◆ **Dataset**:
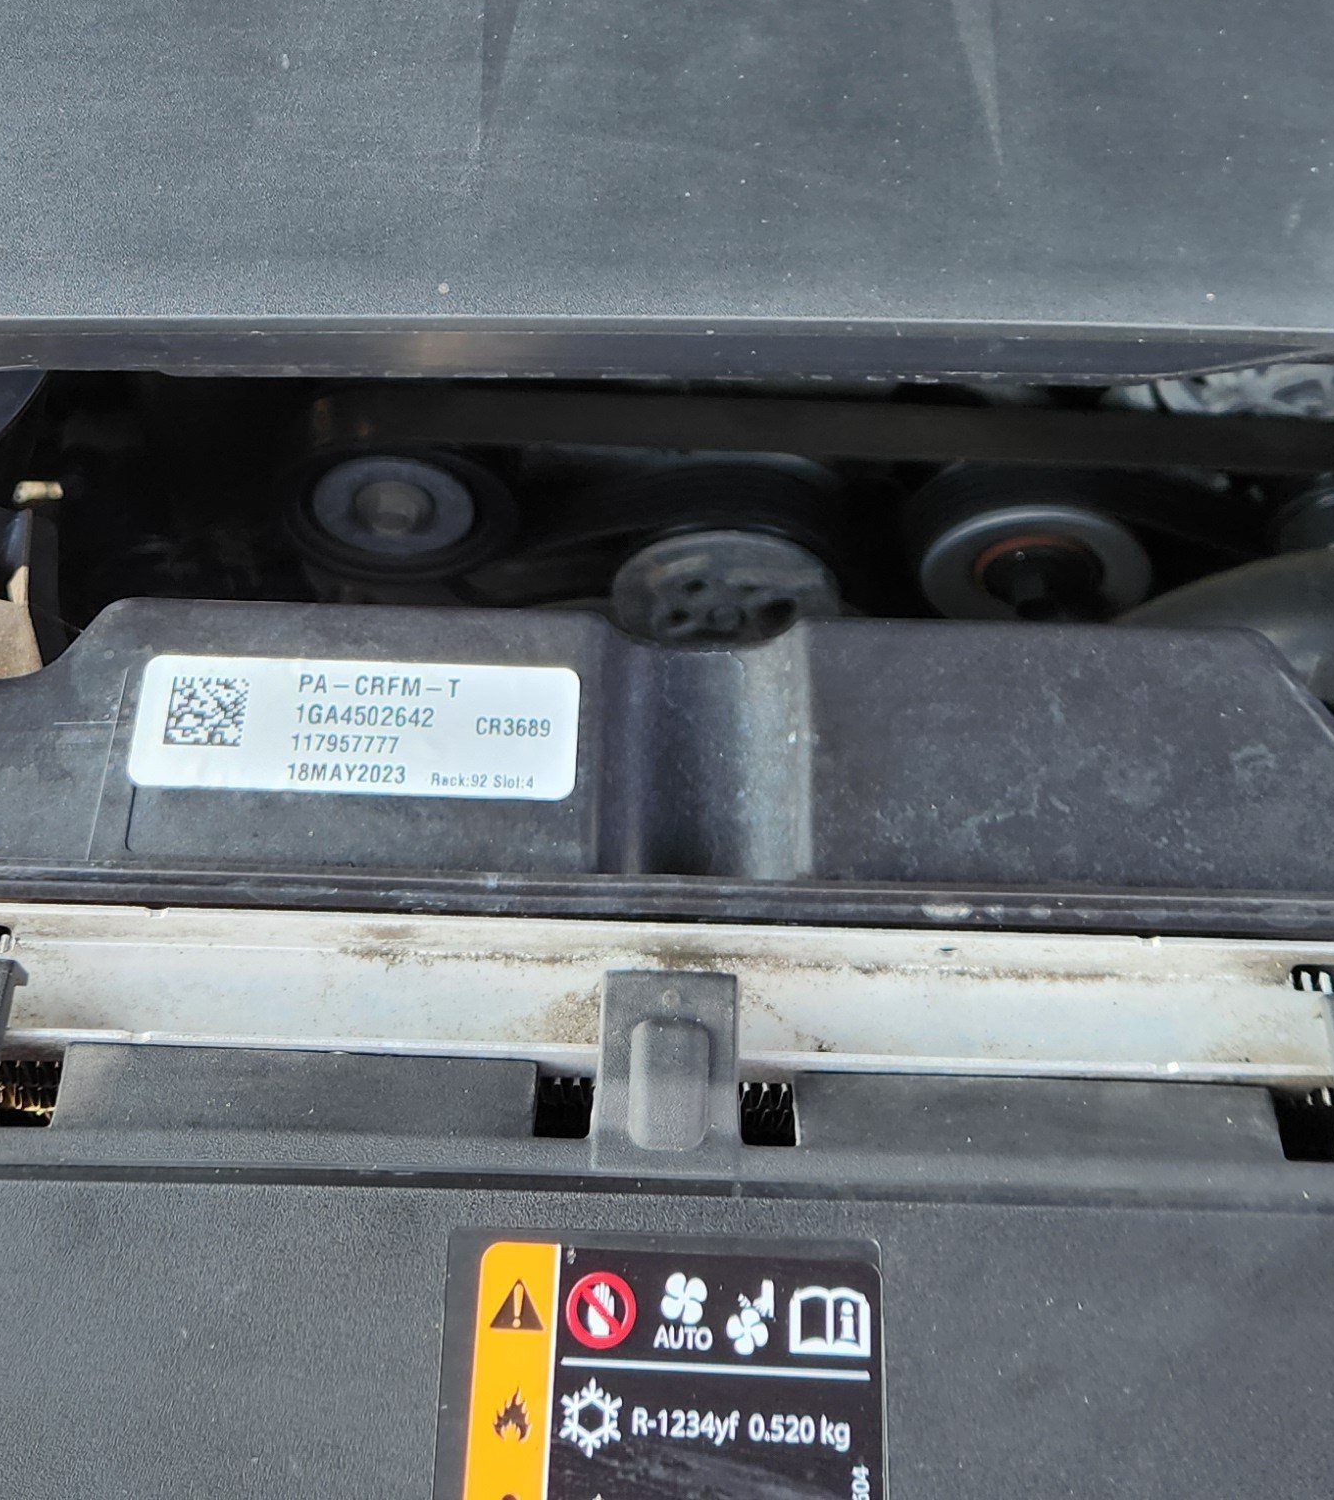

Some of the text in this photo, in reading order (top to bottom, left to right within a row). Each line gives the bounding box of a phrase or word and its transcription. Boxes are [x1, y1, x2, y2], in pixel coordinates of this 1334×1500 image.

[296, 703, 435, 728] 1GA4502642
[475, 717, 552, 738] CR3689
[290, 731, 400, 755] 117957777
[287, 762, 407, 785] 18MAY2023
[653, 1325, 714, 1351] AUTO
[631, 1405, 851, 1452] R-1234yf 0.520 kg
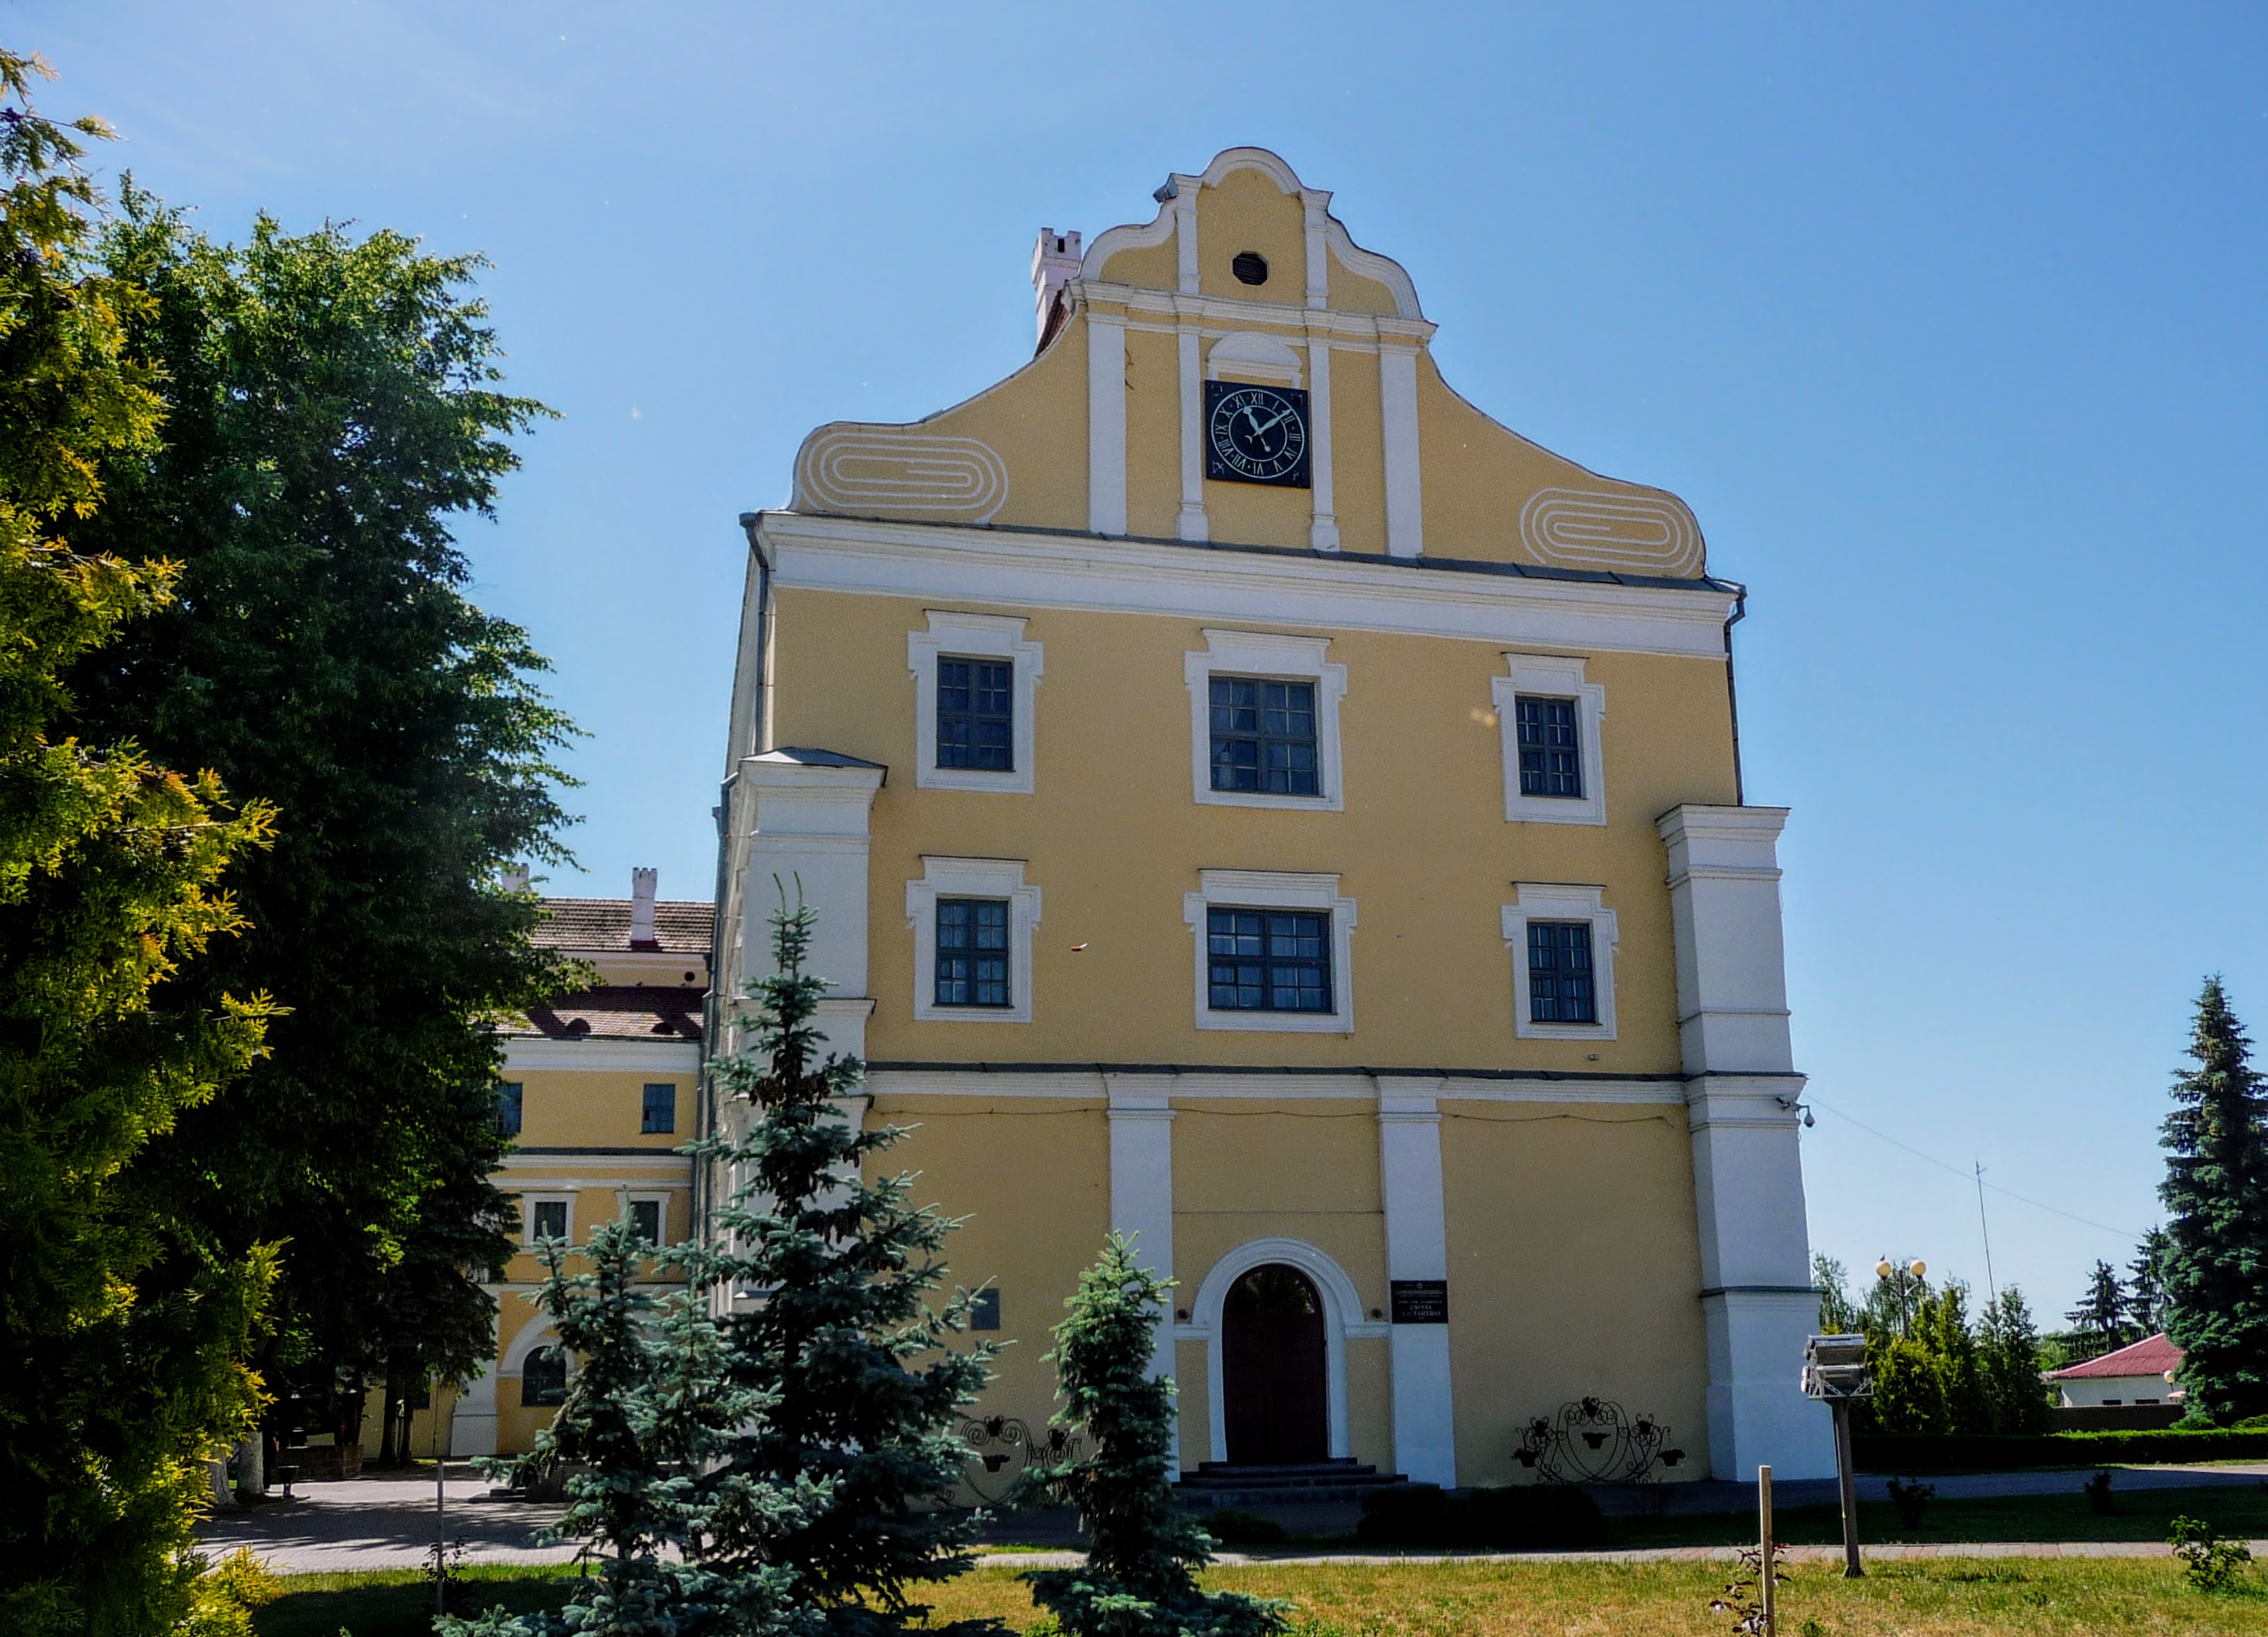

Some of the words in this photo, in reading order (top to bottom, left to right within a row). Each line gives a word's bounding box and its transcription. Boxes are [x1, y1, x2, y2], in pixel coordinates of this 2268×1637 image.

[1251, 392, 1263, 405] XII
[1273, 401, 1280, 411] I
[1219, 408, 1233, 418] X
[1215, 424, 1228, 435] IX
[1289, 433, 1301, 442] III
[1232, 454, 1246, 469] VII
[1273, 459, 1283, 473] V
[1253, 463, 1264, 475] VI

◆ **Task to complete**: From the line containing "Some of the words" to the final line of the data, repeat each line exactly. Include both ends.

◆ **Solution to this exercise**:
Some of the words in this photo, in reading order (top to bottom, left to right within a row). Each line gives a word's bounding box and its transcription. Boxes are [x1, y1, x2, y2], in pixel coordinates of this 2268×1637 image.

[1251, 392, 1263, 405] XII
[1273, 401, 1280, 411] I
[1219, 408, 1233, 418] X
[1215, 424, 1228, 435] IX
[1289, 433, 1301, 442] III
[1232, 454, 1246, 469] VII
[1273, 459, 1283, 473] V
[1253, 463, 1264, 475] VI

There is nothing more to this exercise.